Trump Reportedly Considers Executive Order to Vet New AI Models

AI Regulations: Trump Admin's Cutting-Edge Plan?

I opened the tip and my screen filled with an image of a closed-door meeting. You can feel the gravity: three Silicon Valley giants, White House aides, and a proposal that could put new models under government review. I want to walk you through what that moment means, and why you should care.

At a secure meeting last week, executives from Anthropic, Google and OpenAI sat across from Trump administration officials.

The New York Times, citing anonymous sources, says President Trump is weighing an executive order to create an A.I. working group made up of government and industry representatives. If true, this group would talk through oversight plans and could set up a formal government review process for new A.I. models. I’ve tracked similar policy moves before; they often start as shape-shifting ideas and end up reshaping what companies can release.

What would the AI working group do?

From the reporting, the group would decide which agencies get involved — names floated include the NSA, the White House Office of the National Cyber Director, and the Office of the Director of National Intelligence (Tulsi Gabbard is said to be in that role). You should picture a cross‑agency vetting table where tech engineers and spooks argue over what counts as a security risk. If the group adopts a checklist, companies like Anthropic, Google, and OpenAI could face a pre-release review similar to regulatory pre-clearance.

In a Commerce Department statement after the change, CAISI’s mission was rewritten under the new administration.

There is an existing structure: the National Institute of Standards and Technology created the Center for A.I. Standards and Innovation (CAISI) under the Biden administration to vet models. The Trump Commerce secretary, Howard Lutnick, framed a post‑handover shift as freeing innovation while keeping national security standards. I’ve read that memo; its language tries to thread two opposing goals at once.

How would this affect Big Tech and startups?

If a formal review process becomes the norm, older, capital-rich players such as Google and OpenAI may be able to absorb delays and compliance costs more easily than smaller startups. You and I both know companies adapt fast when rules change, but the uneven burden could tilt the field toward incumbents. Think of regulation acting like a referee whose whistles favor whoever can pay for the best legal team.

At a briefing in the U.K., Anthropic showed a not-yet-released model and regulators reacted with alarm.

That British episode is the closest analogue reporters are citing: Anthropic’s Claude Mythos Preview was shown to U.K. banks and agencies and judged too risky for release, especially on cybersecurity grounds. Officials from the National Cyber Security Centre, the Financial Conduct Authority, the Treasury, and the Bank of England were reportedly scrambling to coordinate a response. The comparison matters because it provides a template for multi-agency vetting — and for friction between national security and commercial rollout.

You’ll recall the Trump White House’s policy document, A National Policy Framework for Artificial Intelligence, published in March, leaned toward light-touch rules — mostly prohibitions on broad regulation and an emphasis on age verification for certain content. That stance sits uneasily with a plan that would add a formal vetting step at the model level.

At last week’s meetings, tension was visible: company reps pressing timelines, officials pressing for control.

If a new executive order comes, it could change how quickly models move from lab to product. I can’t predict every outcome, but I track incentives: governments worry about misuse; companies worry about market and research pace. The result is a policy tug-of-war that will play out in contracts, compliance teams, and congressional hearings.

Across the Atlantic, after the Anthropic preview, U.K. regulators traded notes and options. In the U.S., a working group that decides which agencies weigh in would be powerful. It can act as a brake or as a gatekeeper, and gatekeepers shape markets.
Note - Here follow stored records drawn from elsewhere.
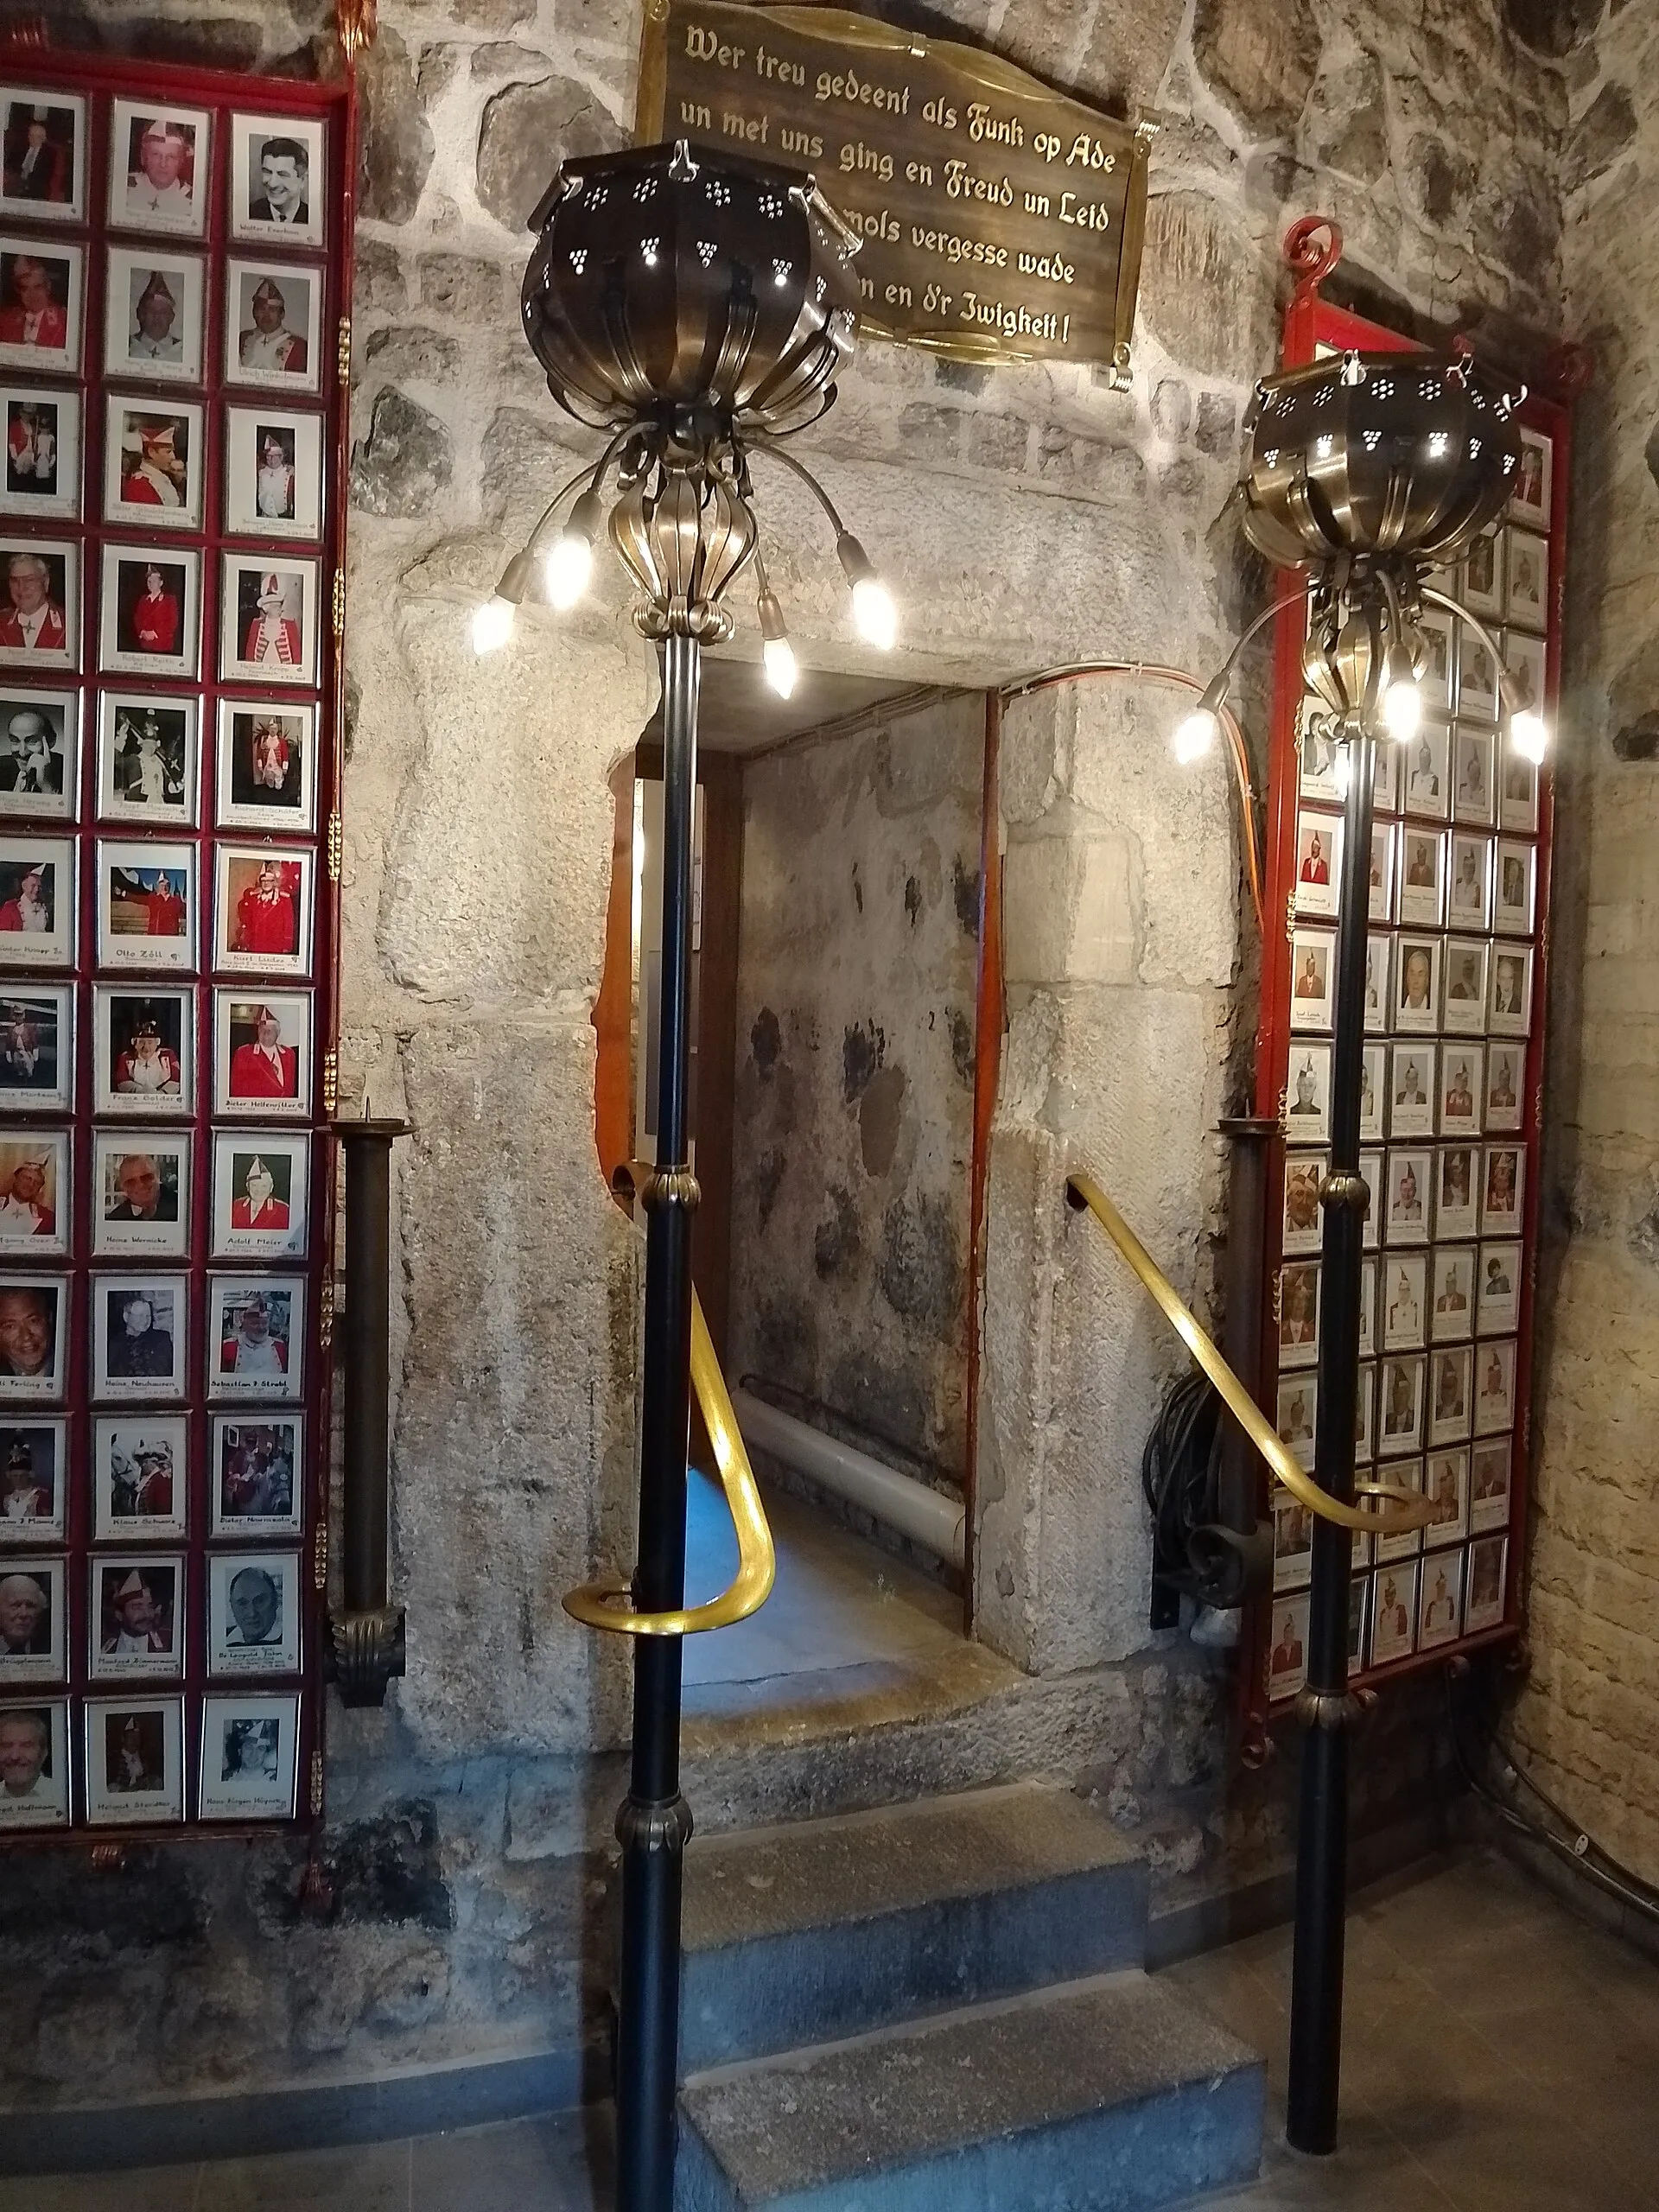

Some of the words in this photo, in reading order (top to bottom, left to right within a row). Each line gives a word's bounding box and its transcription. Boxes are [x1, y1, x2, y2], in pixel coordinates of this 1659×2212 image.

[685, 24, 746, 69] Wer
[756, 46, 805, 86] treu
[815, 69, 910, 114] gedeent
[922, 97, 958, 130] als
[967, 102, 1025, 148] Funk
[1033, 133, 1061, 162] op
[681, 102, 711, 130] un
[723, 111, 769, 143] met
[780, 129, 823, 157] uns
[839, 141, 893, 182] ging
[906, 161, 933, 187] en
[944, 159, 1014, 207] Freud
[1024, 192, 1050, 217] un
[1058, 191, 1109, 232] Leid
[911, 225, 1008, 268] vergesse
[1018, 251, 1076, 284] wade
[857, 277, 874, 300] n
[886, 283, 912, 308] en
[116, 950, 135, 958] Otto
There are real actors here: Anthropic, OpenAI, Google, NIST’s CAISI, the NSA, the National Cyber Director’s office, Howard Lutnick, Tulsi Gabbard, Vice President J.D. Vance — whose speech last year framed U.S. AI dominance as a national priority — and U.K. bodies like the NCSC and the FCA. Each name signals a different interest and a different set of pressure points.

At the point of decision, the mechanics matter: who reviews, what criteria they use, and what penalties follow.
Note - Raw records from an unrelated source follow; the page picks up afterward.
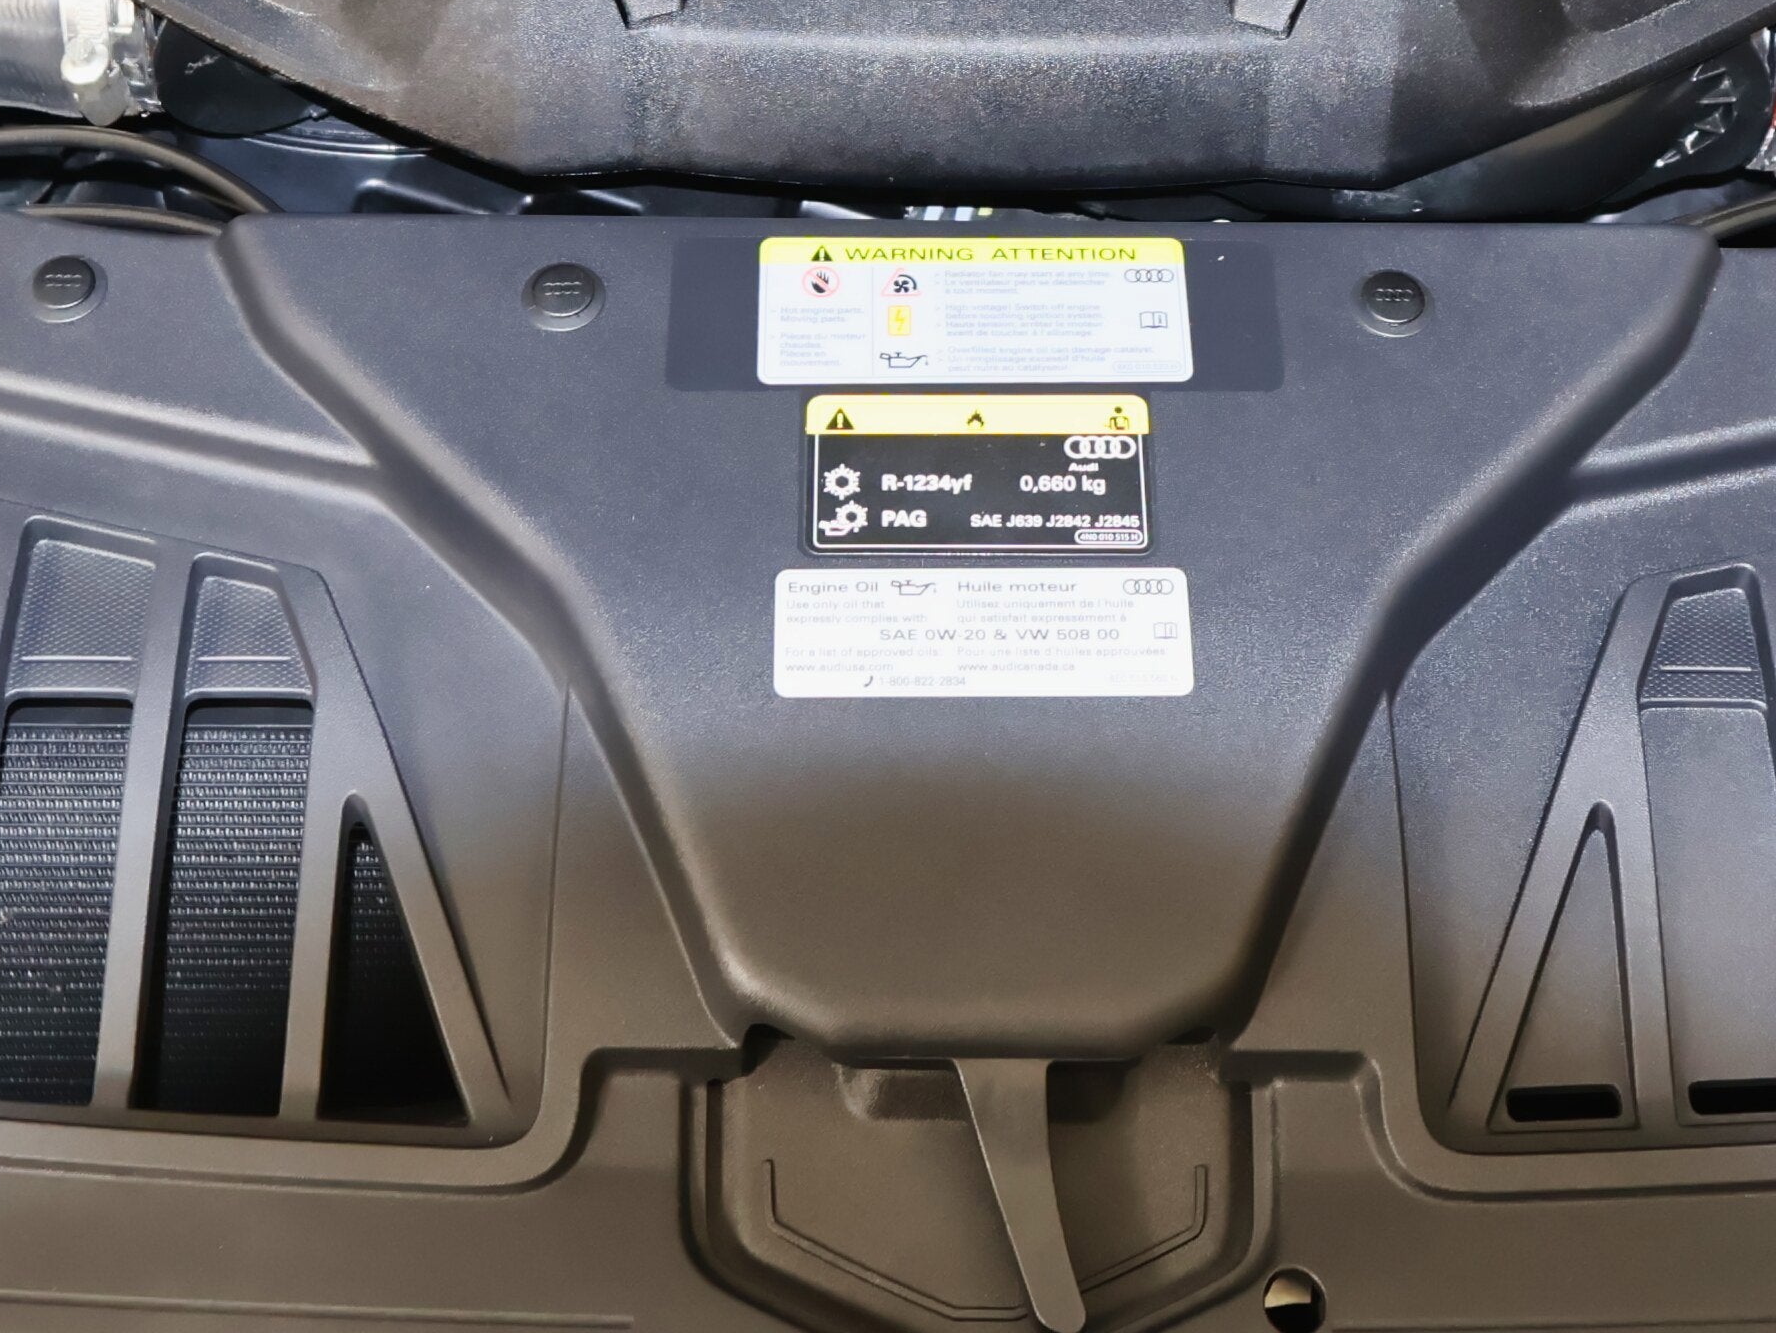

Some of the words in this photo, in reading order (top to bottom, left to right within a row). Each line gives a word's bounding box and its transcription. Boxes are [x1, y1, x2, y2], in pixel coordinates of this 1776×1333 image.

[845, 248, 974, 261] WARNING
[991, 248, 1137, 261] ATTENTION
[803, 307, 834, 316] engine
[1067, 304, 1100, 312] engine
[977, 312, 1023, 321] touching
[1027, 312, 1063, 321] ignition
[948, 346, 996, 354] Overfilled
[999, 347, 1033, 355] engine
[1071, 346, 1112, 355] damage
[1068, 462, 1099, 472] Audi
[881, 474, 973, 494] R-1234yf
[1019, 475, 1077, 494] 0,660
[1081, 475, 1106, 495] kg
[881, 510, 927, 527] PAG
[970, 514, 1002, 527] SAE
[1006, 514, 1042, 527] J639
[1046, 514, 1091, 527] J2842
[1095, 514, 1140, 527] J2845
[788, 581, 848, 595] Engine
[855, 581, 879, 593] Oil
[957, 581, 1002, 592] Huile
[1009, 582, 1077, 592] moteur
[786, 600, 809, 609] Use
[813, 600, 839, 611] only
[842, 600, 857, 609] oil
[862, 600, 885, 609] that
[957, 599, 1000, 609] Utilisez
[1005, 599, 1075, 610] uniquement
[1080, 599, 1094, 608] de
[786, 614, 841, 624] expressly
[845, 614, 898, 624] complies
[902, 613, 928, 623] with
[957, 613, 977, 624] qui
[980, 613, 1027, 623] satisfait
[880, 629, 917, 641] SAE
[994, 629, 1007, 641] &
[1016, 629, 1050, 641] VW
[1057, 629, 1090, 641] 508
[1097, 629, 1120, 641] 00
[785, 647, 806, 657] For
[819, 647, 836, 657] list
[841, 647, 853, 657] of
[857, 647, 913, 658] approved
[957, 646, 985, 656] Pour
[990, 647, 1011, 656] une
[1015, 646, 1040, 656] liste
[786, 663, 893, 672] www.audiusa.com
[957, 662, 1075, 672] www.audicanada.ca
Operational questions will dominate: Will reviews be advisory or binding? Will the process be public or classified? How will companies appeal a block or a delay? You want clarity because vagueness becomes leverage for those with resources. If agencies can halt releases without transparent standards, the review regime will behave like a pressure cooker where small risks lead to big stops.

I’m watching for three things: the exact language of any executive order, which agencies are named, and whether CAISI is reactivated as a central vetting body. Each detail will change incentives for Anthropic, OpenAI, Google, and dozens of startups racing to ship models.

Let him cook — but don’t assume the kitchen stays the same. Which side wins: faster commercial rollouts, or a slow‑moving national review that reshapes who gets to build next‑generation models?